One of the intriguing features of Mississippi Industrial College, as historian Alicia K. Jackson has noted, is that it did very little industrial training. In the atmosphere of opposition to African American education of the early 1900s, Cottrell and other school leaders apparently made the decision to promote the respectability and uncontroversial nature of industrial education even though the school emphasized teacher training and liberal arts education. Students who aspired to the BA degree took multiple years of Latin and Greek, and literary study emphasized the classics of England and New England. The “industrial” feature of Mississippi Industrial College lay primarily in requiring students to sew, cook, and farm as part of their contribution to campus life.

Starting a private school for African Americans in the early 20th-century South was a challenge. Public money was unavailable; the CME Church, with its headquarters in Jackson, Tenn., did not have a wealthy group of supporters from throughout the country; and not many African Americans in Mississippi were making much money. Cottrell and future leaders relied on a combination of requests to the CME boards in Mississippi, occasional requests to a philanthropist like Andrew Carnegie, and the financial decisions of African American parents. Cottrell repeatedly mentioned the sacrifices of “struggling farmers . . . uneducated themselves, [who] have sacrificed much to promote facilities for their children.”

Mississippi Industrial College sat—and indeed, some of its former buildings still sit—across the street from Rust College, and the proximity of the two Methodist-affiliated institutions encouraged students and faculty to make comparisons in the size of the two schools and in the nature of their leadership. It was important to the identity of MIC that black educators and trustees were in charge, while they noted that Rust College had some white supporters and trustees. In the 1910s almost all MIC faculty members, led by Pres. D. C. Potts, educated at Howard University, came from historically black institutions—Fisk, Walden, Philander Smith, Lane, Mary Holmes, Payne, and Tuskegee, along with one faculty member from Berea College in Kentucky.

The nature of MIC as a church-related school dedicated to moral propriety and uplift was clear.
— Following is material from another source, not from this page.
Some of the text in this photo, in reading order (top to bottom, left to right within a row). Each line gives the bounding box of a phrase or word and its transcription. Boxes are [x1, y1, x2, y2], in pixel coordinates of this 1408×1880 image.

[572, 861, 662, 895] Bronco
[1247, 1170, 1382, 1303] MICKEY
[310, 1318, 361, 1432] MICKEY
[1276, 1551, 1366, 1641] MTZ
All students wore uniforms, went to daily devotionals and a Wednesday prayer service, and many campus organizations, like the YWCA, YMCA, and the Epworth League, had religious elements. Later in the history of the institution, CME Bishop Oree Broomfield, a graduate of MIC, supported the efforts of young people to enroll in the college by allowing some of them to live free in his home and by offering scholarships to some students studying to become ministers.
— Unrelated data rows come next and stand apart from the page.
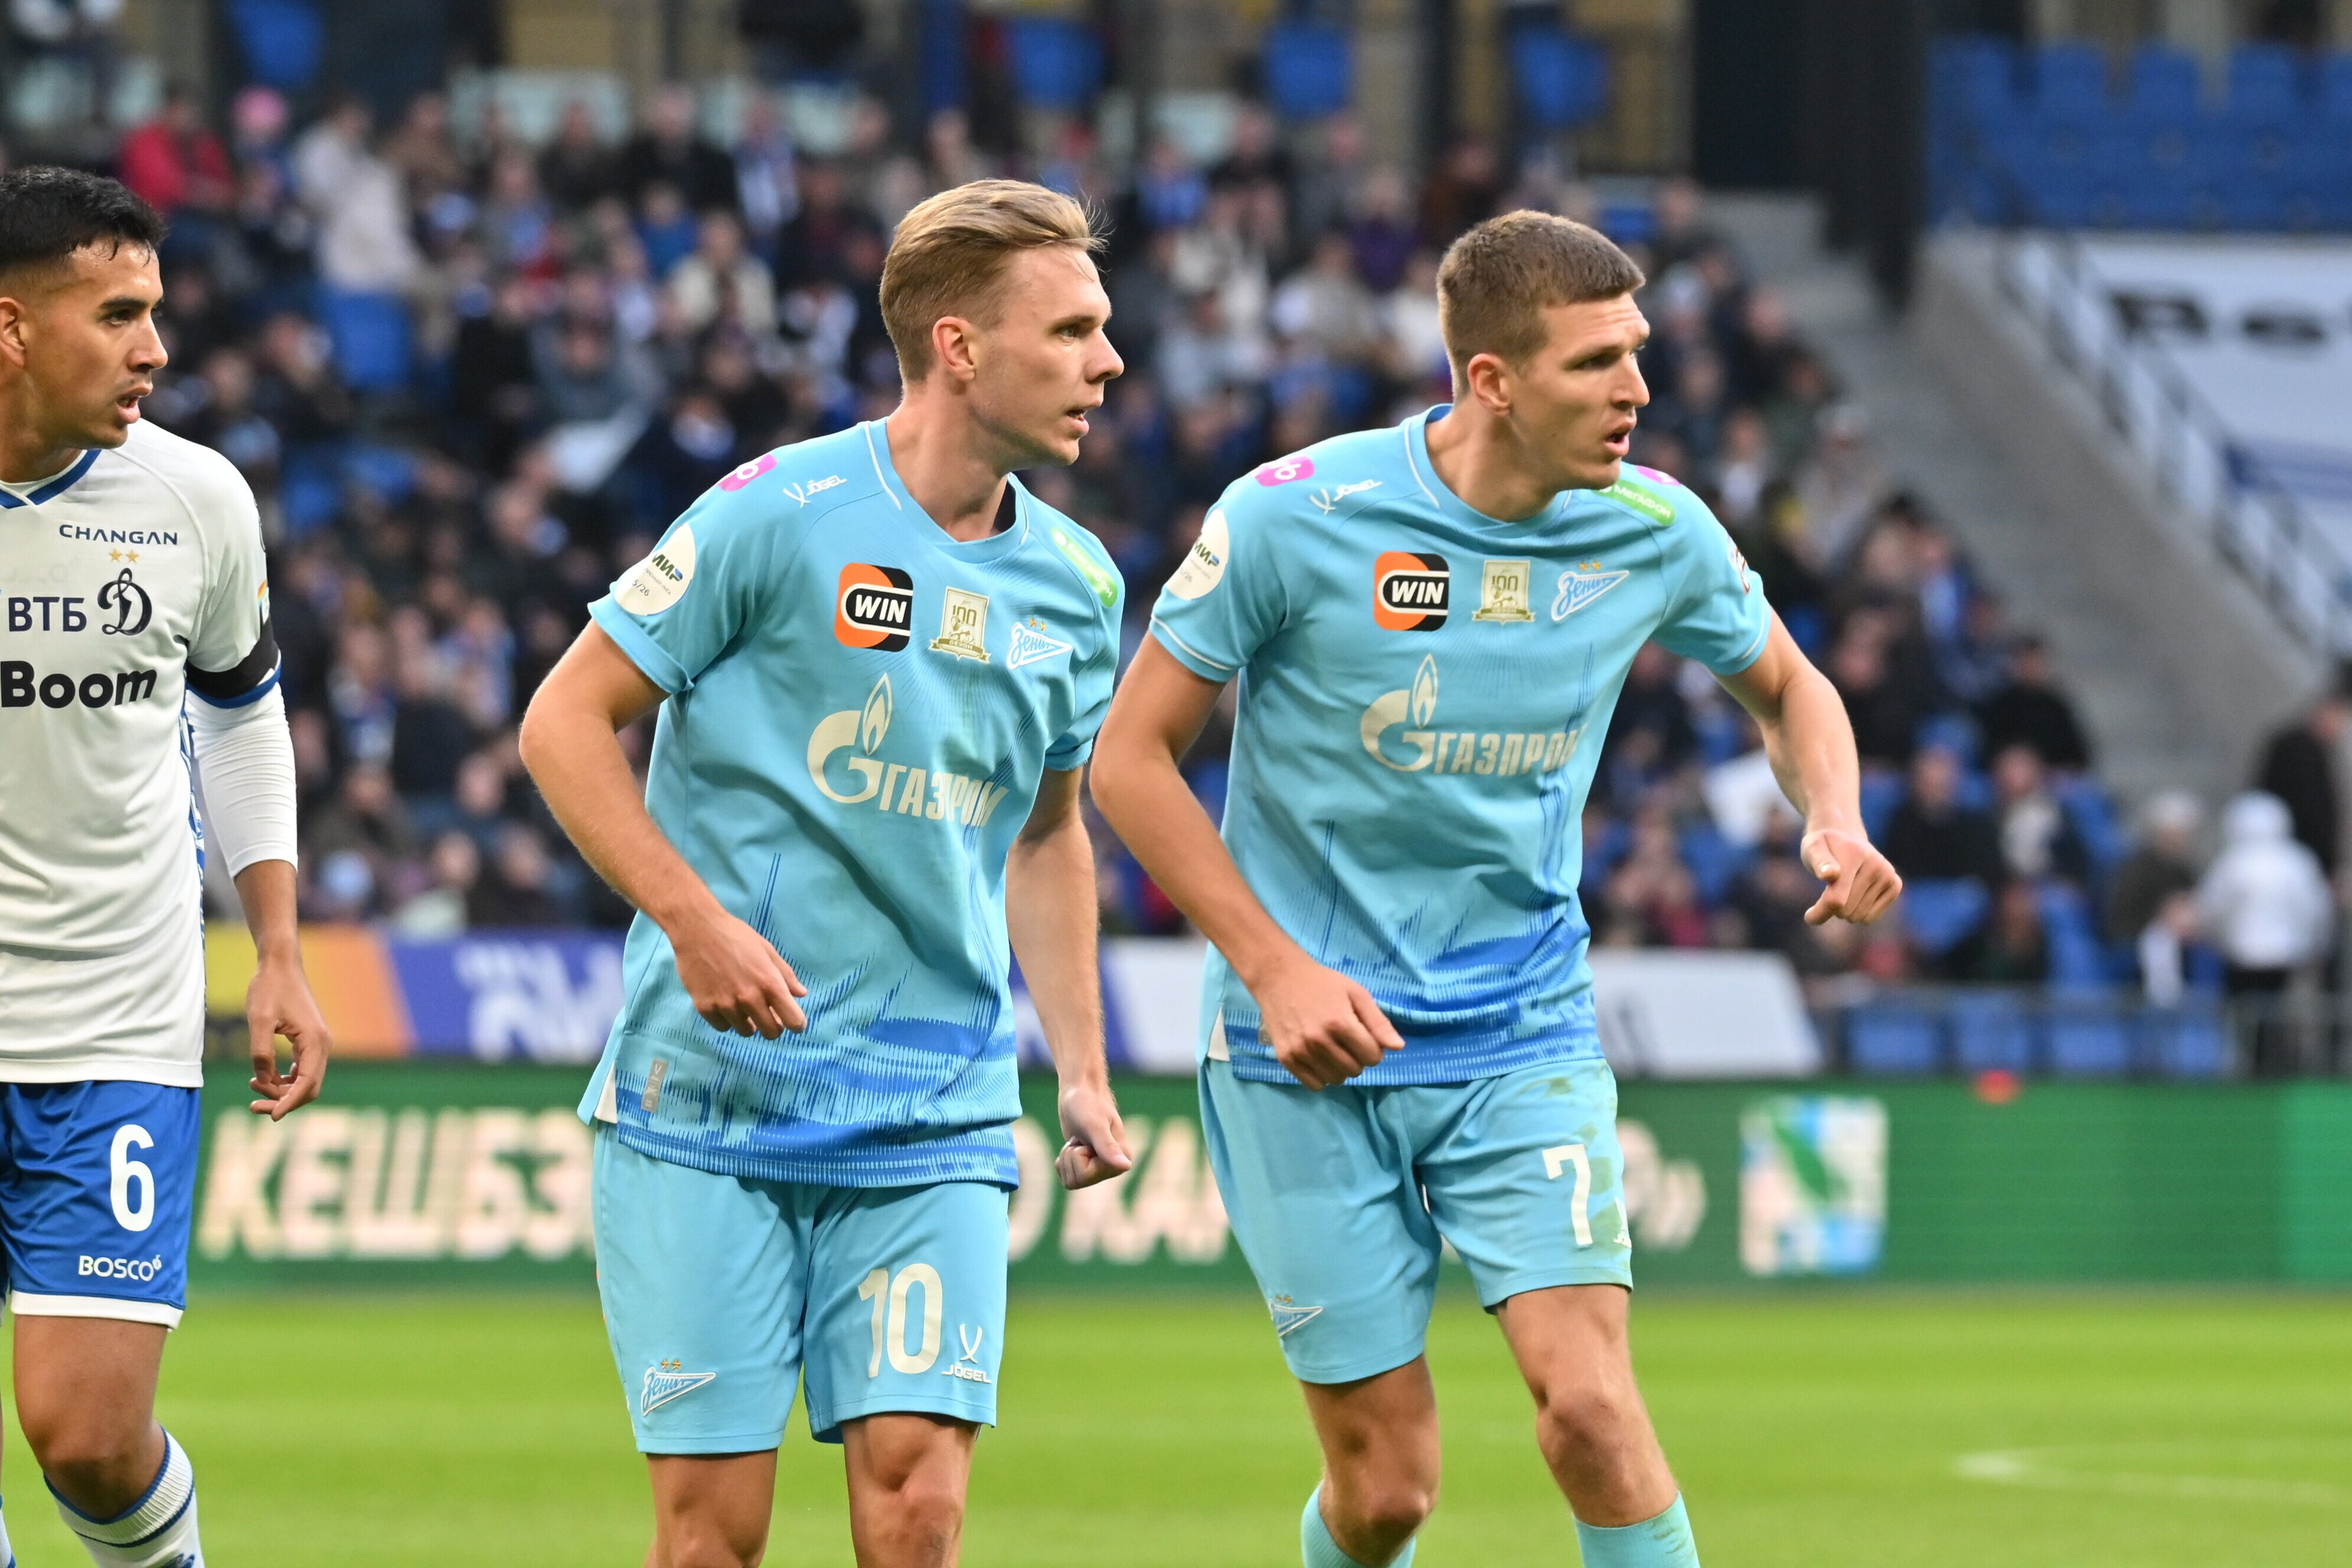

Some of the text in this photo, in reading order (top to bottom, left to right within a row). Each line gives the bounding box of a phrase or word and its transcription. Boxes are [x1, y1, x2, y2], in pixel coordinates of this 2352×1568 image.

[59, 524, 178, 545] CHANGAN
[854, 594, 907, 623] WIN
[1391, 580, 1445, 605] WIN
[8, 596, 87, 632] ВТБ
[0, 661, 158, 708] Boom
[110, 1124, 155, 1232] 6
[197, 1105, 596, 1260] КЕШБЭ
[1542, 1144, 1592, 1246] 7
[78, 1255, 155, 1282] BOSCO
[858, 1263, 943, 1378] 10
In 1923 Mississippi Industrial College opened Carnegie Auditorium, a large and impressive auditorium whose size—seating for 2,000 people—reflected the ambitious goals of the college. For much of its history, MIC emphasized the training of teachers and candidates for the ministry.

In the 1960s MIC was, compared to many African American college campuses, relatively uninvolved in the civil rights movement. College president Edgar Everett Rankin discouraged student activism, but a number of students joined students at Rust College to protest segregation in Holly Springs businesses and to attend protest meetings.
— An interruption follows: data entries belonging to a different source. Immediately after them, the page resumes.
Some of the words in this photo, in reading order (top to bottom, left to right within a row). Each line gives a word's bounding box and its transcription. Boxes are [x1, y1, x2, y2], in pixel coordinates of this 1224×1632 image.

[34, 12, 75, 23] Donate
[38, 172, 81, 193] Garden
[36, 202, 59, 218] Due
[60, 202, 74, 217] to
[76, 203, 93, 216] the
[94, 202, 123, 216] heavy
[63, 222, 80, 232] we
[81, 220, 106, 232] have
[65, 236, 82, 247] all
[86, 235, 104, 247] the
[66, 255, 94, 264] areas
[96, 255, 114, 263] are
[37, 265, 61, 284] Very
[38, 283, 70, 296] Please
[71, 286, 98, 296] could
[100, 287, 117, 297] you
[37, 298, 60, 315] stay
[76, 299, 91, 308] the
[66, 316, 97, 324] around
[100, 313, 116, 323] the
After years of financial difficulties, Mississippi Industrial College closed in 1982. Some of its buildings, now owned by Rust College, house social service and educational organizations while some are in need of repair. MIC alumni organizations continue to meet.

Ted Ownby

University of Mississippi

Oree Broomfield obituary, Christian Methodist Episcopal Church website,

www.c-m-e.org; Alicia K. Jackson, “The Colored Methodist Episcopal Church and Their Struggle for Autonomy and Reform in the New South” (PhD dissertation, University of Mississippi, 2004); Mississippi Industrial College, Catalogue 1913–1914;

Joy Ann Williamson, Radicalizing the Ebony Tower: Black Colleges and the Black Freedom Struggle in Mississippi (2008).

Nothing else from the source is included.